Hello, Friend.
I’m so glad you’re here.
In today’s article, I’m tackling that topic I told you about in early January — the one that was too painful to talk about. It still is. But I’m going to try to put my heartache into words.
It’s been a difficult start to 2025 in my household. There have been a number of distressing things happening. Today, I’m sharing about one of them. The others will have to wait.
I share about this experience, too, because I know there are other pet lovers out there who are reeling from a recent, or not so recent, loss of a beloved pet. Perhaps you're one of them. Perhaps your loss was long ago. Or maybe you’re likely facing pet loss soon. Or maybe it’s still years out for you. Regardless, you’ve been there, or will be, at some point.
As the wonderful recently responded to a comment of mine about Titus following the loss of her dog Casey, “We are sisters in sorrow.” Indeed.
If you stick around and read this essay, I want you to know how much I appreciate your caring heart. If you relate, I wrote it for you. And it’s for you, too, Titus.
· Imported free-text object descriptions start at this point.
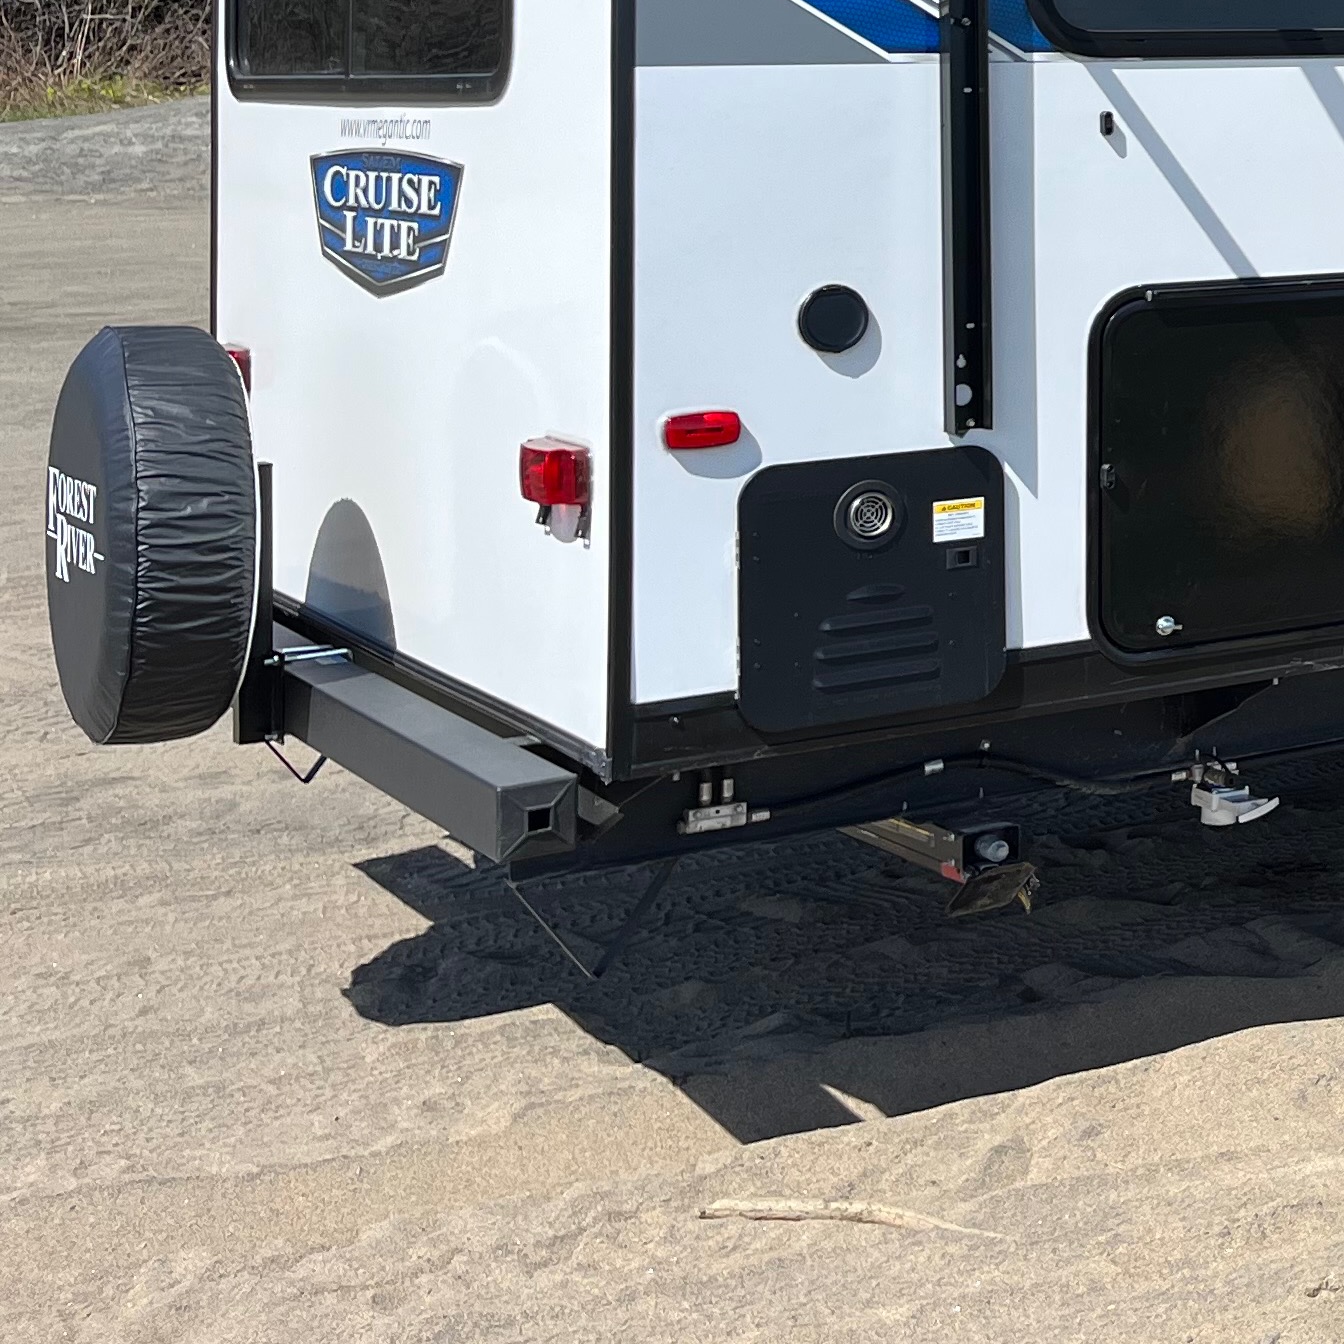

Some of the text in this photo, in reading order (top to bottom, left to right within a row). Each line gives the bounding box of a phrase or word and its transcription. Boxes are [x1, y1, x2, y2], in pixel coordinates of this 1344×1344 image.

[340, 114, 431, 146] www.vrmegantic.com
[323, 164, 441, 216] CRUISE
[342, 210, 420, 262] LITE
[47, 465, 97, 531] FOREST
[55, 513, 96, 583] RIVER
If you think my essay has value, consider hitting the like button, commenting, or restacking. Doing any or all of these means so much to me and helps get my article pushed out to more readers. Thank you for helping to normalize pet grief, too.
Why Can’t I Stop Crying?
Because a much-loved dog is NEVER just a dog.
(Same deal for cats or whatever pet has wiggled its way into your heart. If you’re a cat person, feel free to exchange “cat” for “dog” throughout this piece.)
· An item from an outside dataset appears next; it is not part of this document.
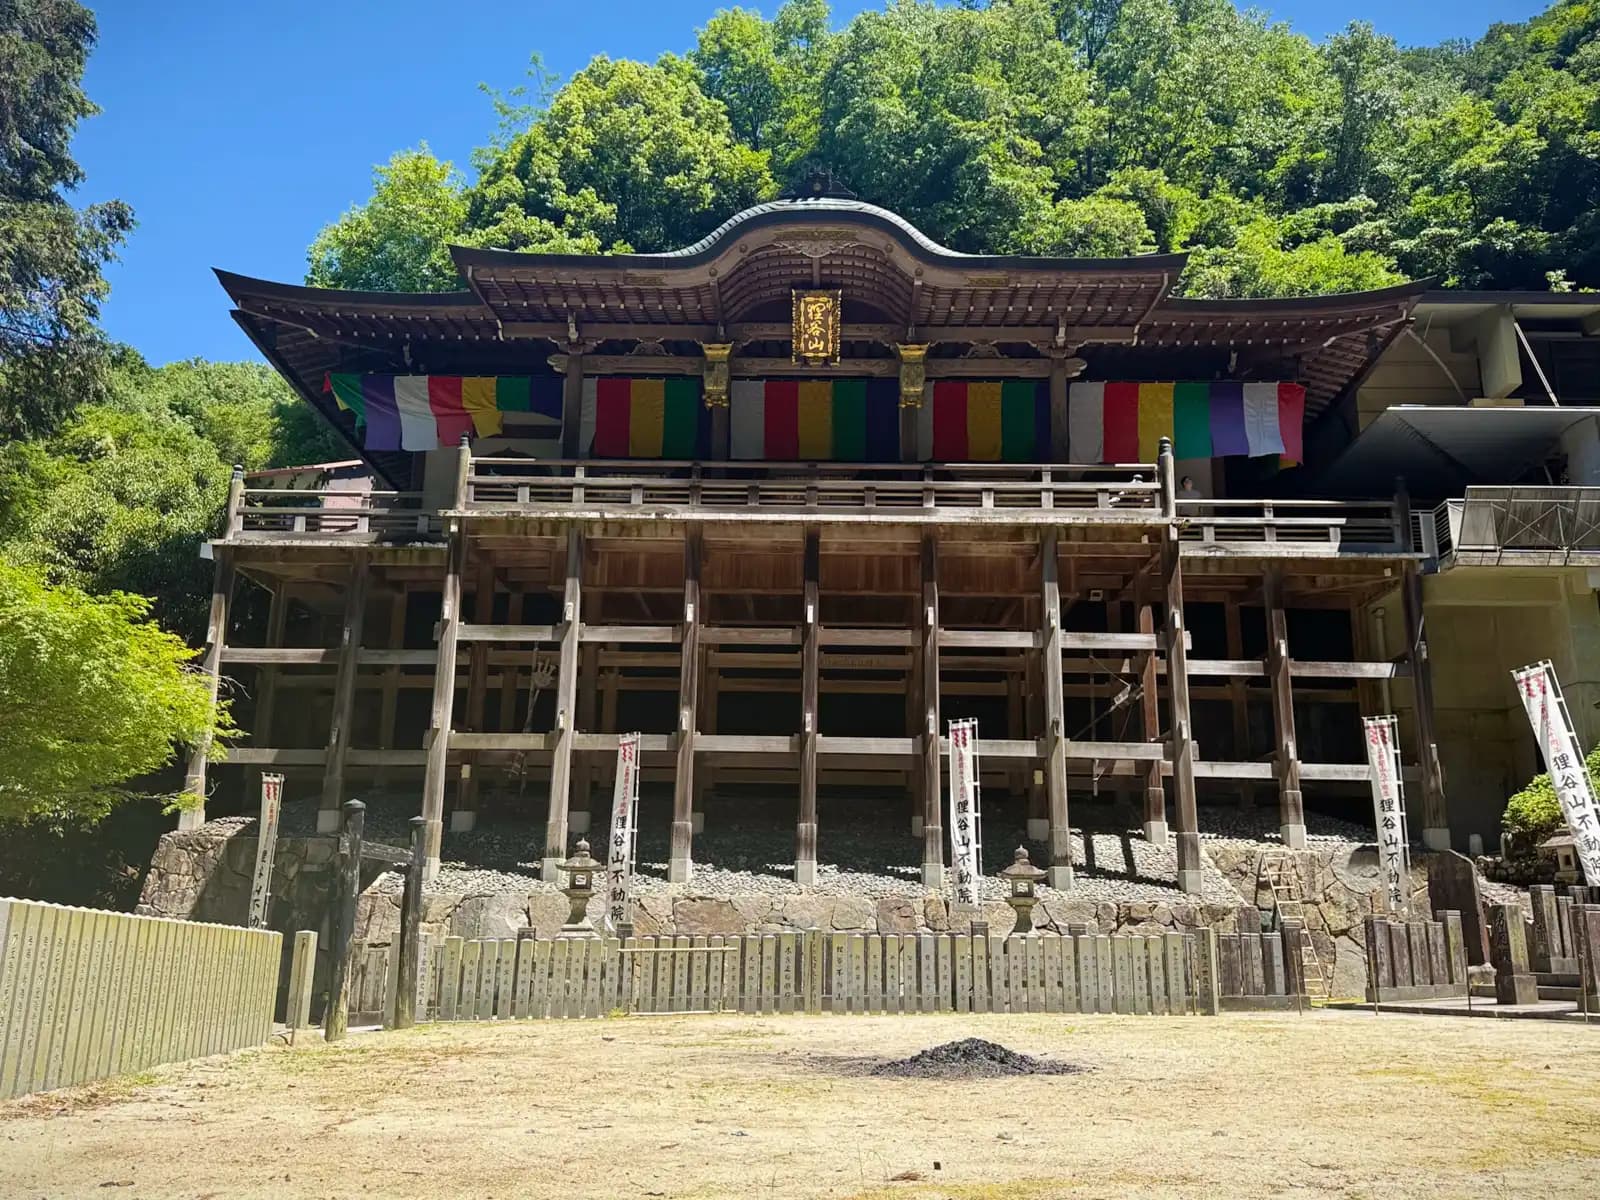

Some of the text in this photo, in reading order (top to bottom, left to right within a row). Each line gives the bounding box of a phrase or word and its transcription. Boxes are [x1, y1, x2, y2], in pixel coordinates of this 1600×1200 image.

[610, 815, 626, 921] 狸谷山不動院
[956, 800, 973, 904] 狸谷山不動院
[1379, 797, 1402, 903] 狸谷山不動院
On January 6 (yeah, I know, that date), Titus, our much-loved Frenchie, died. Unexpectedly. Way too soon. It was shocking, brutally so. He was only two and a half years old. Just getting started in his young life.
I’ve been trying to figure out how to write about this heart-breaking experience in a way that might be helpful not just for me, but for you, Dear Reader, too. The only way I know how to do that is by being completely honest and open.
So here goes.
Before going further, if you’re tempted to tell me I knew what I was getting into, or want to go even further by telling me French bulldogs are an unacceptable breed to consider bringing into your home and heart, maybe stop reading right here. That sort of thing has happened on social media. (Not directed at me, but to others.) Pros and cons of getting a Frenchie. Yep. I knew about both.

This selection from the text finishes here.